Exercise instructions:
Whenever a picture appears, omit it, and set down everything else in the records exactly.
▼
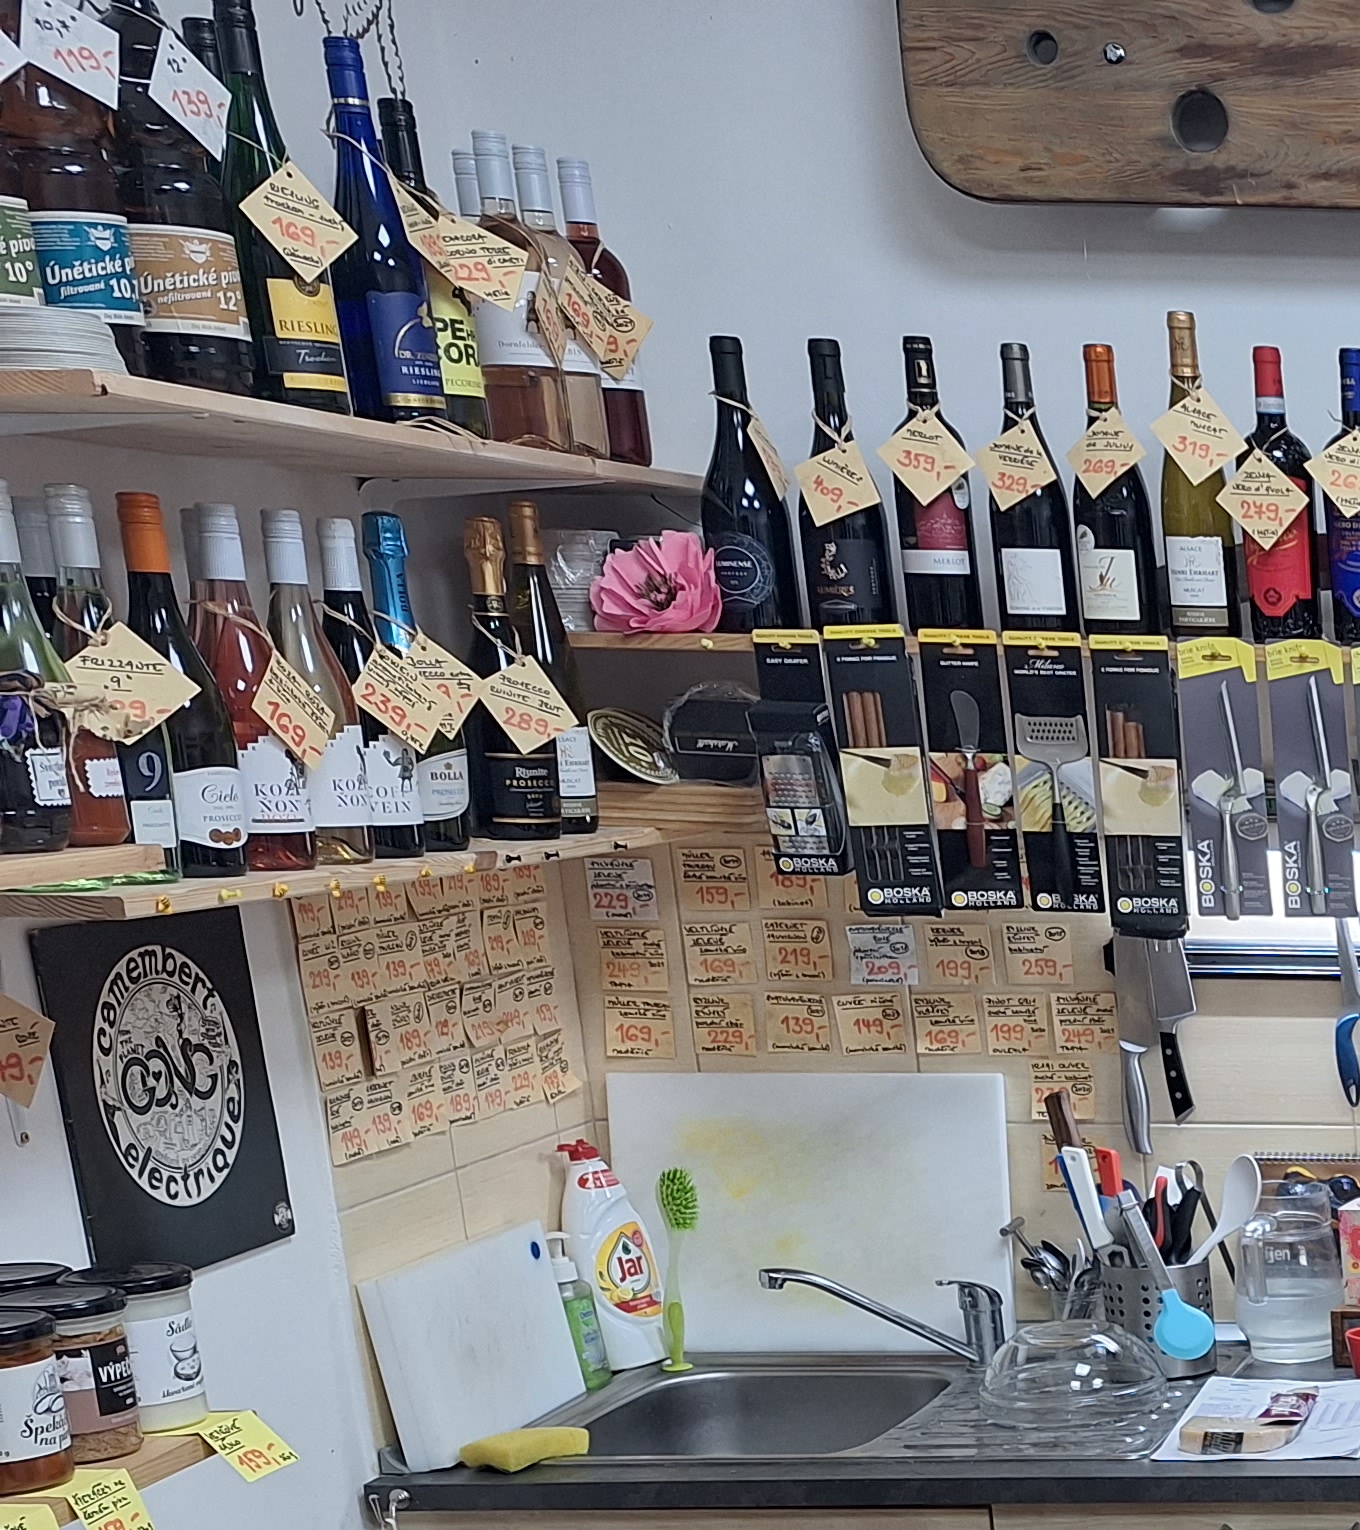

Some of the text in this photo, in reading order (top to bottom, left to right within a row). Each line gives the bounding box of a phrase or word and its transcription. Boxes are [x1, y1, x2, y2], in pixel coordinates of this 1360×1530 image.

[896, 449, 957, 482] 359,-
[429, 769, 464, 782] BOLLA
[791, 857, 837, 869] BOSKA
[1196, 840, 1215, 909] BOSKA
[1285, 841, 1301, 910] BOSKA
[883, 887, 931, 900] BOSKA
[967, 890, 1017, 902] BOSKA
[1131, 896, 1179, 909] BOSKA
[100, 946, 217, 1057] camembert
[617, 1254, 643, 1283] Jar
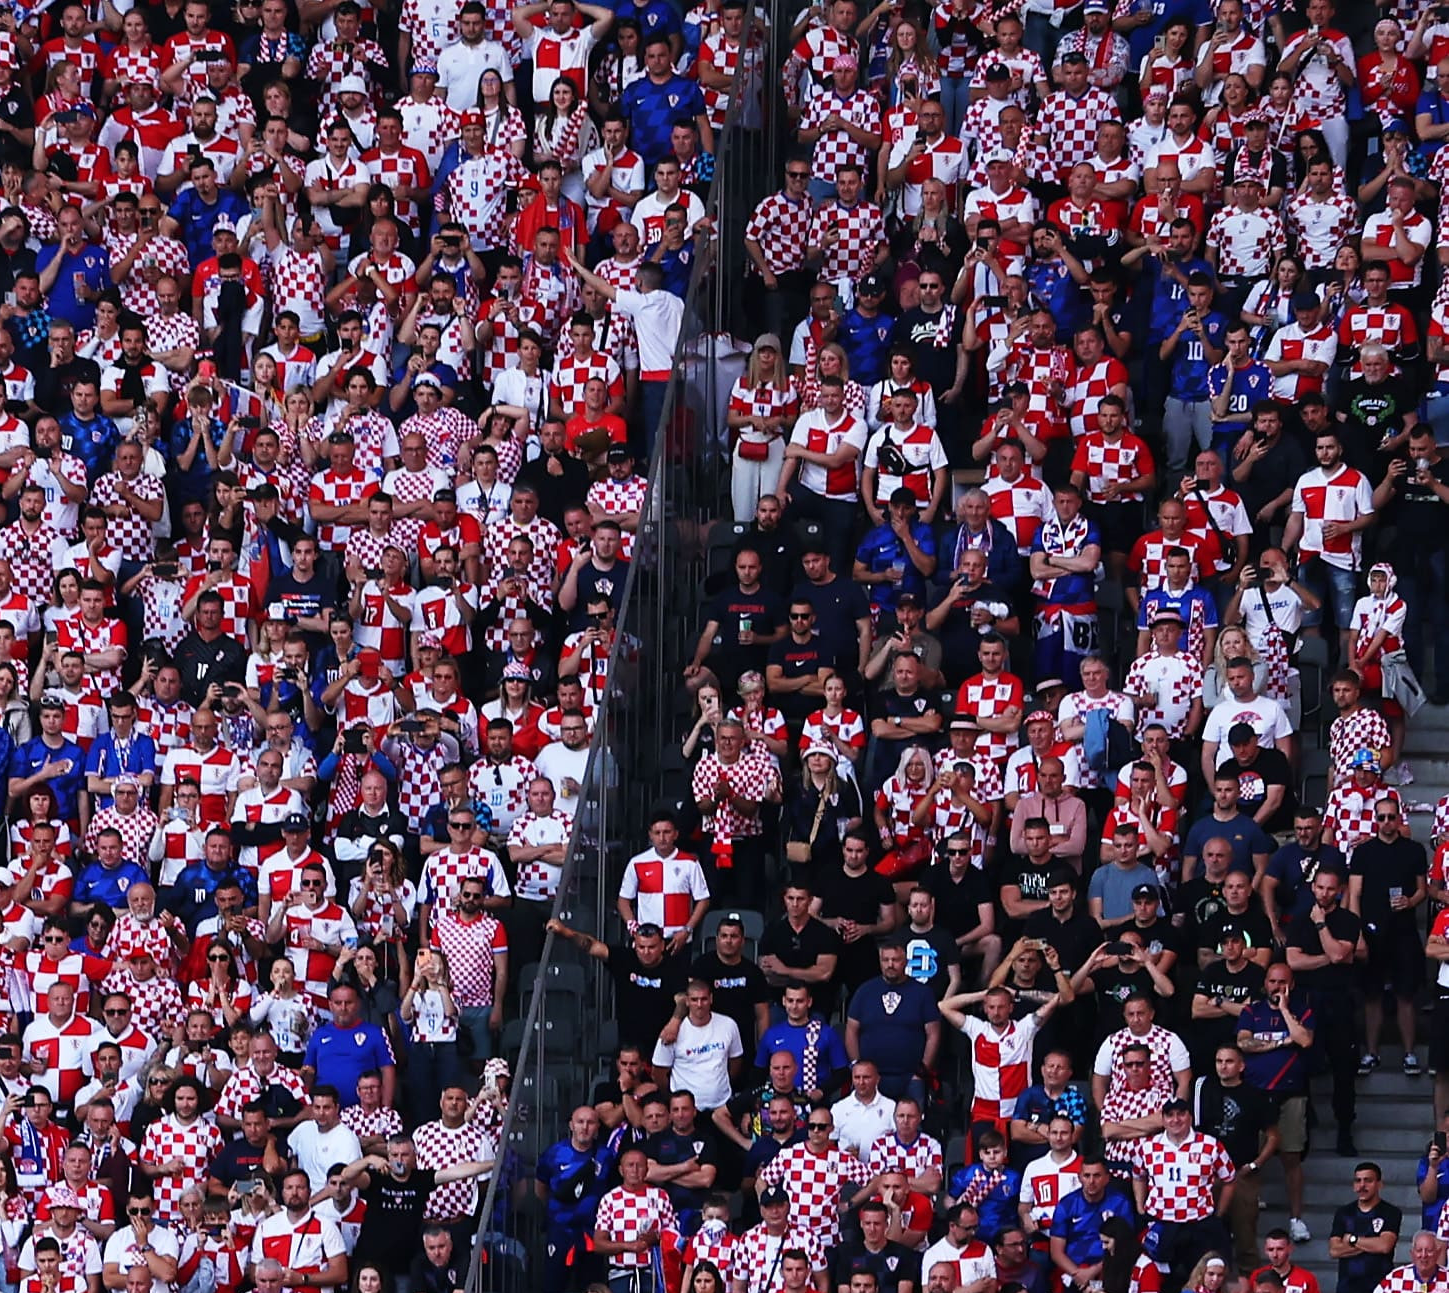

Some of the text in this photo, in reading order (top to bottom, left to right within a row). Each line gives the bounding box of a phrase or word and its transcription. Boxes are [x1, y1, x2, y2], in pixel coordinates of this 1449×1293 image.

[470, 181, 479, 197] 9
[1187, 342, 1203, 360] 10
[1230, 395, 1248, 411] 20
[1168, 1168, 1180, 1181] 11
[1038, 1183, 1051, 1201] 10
▲
Completed exercise:
Some of the text in this photo, in reading order (top to bottom, left to right within a row). Each line gives the bounding box of a phrase or word and its transcription. Boxes are [x1, y1, x2, y2], in pixel coordinates of this 1360×1530 image.

[896, 449, 957, 482] 359,-
[429, 769, 464, 782] BOLLA
[791, 857, 837, 869] BOSKA
[1196, 840, 1215, 909] BOSKA
[1285, 841, 1301, 910] BOSKA
[883, 887, 931, 900] BOSKA
[967, 890, 1017, 902] BOSKA
[1131, 896, 1179, 909] BOSKA
[100, 946, 217, 1057] camembert
[617, 1254, 643, 1283] Jar

Some of the text in this photo, in reading order (top to bottom, left to right within a row). Each line gives the bounding box of a phrase or word and its transcription. Boxes are [x1, y1, x2, y2], in pixel coordinates of this 1449×1293 image.

[470, 181, 479, 197] 9
[1187, 342, 1203, 360] 10
[1230, 395, 1248, 411] 20
[1168, 1168, 1180, 1181] 11
[1038, 1183, 1051, 1201] 10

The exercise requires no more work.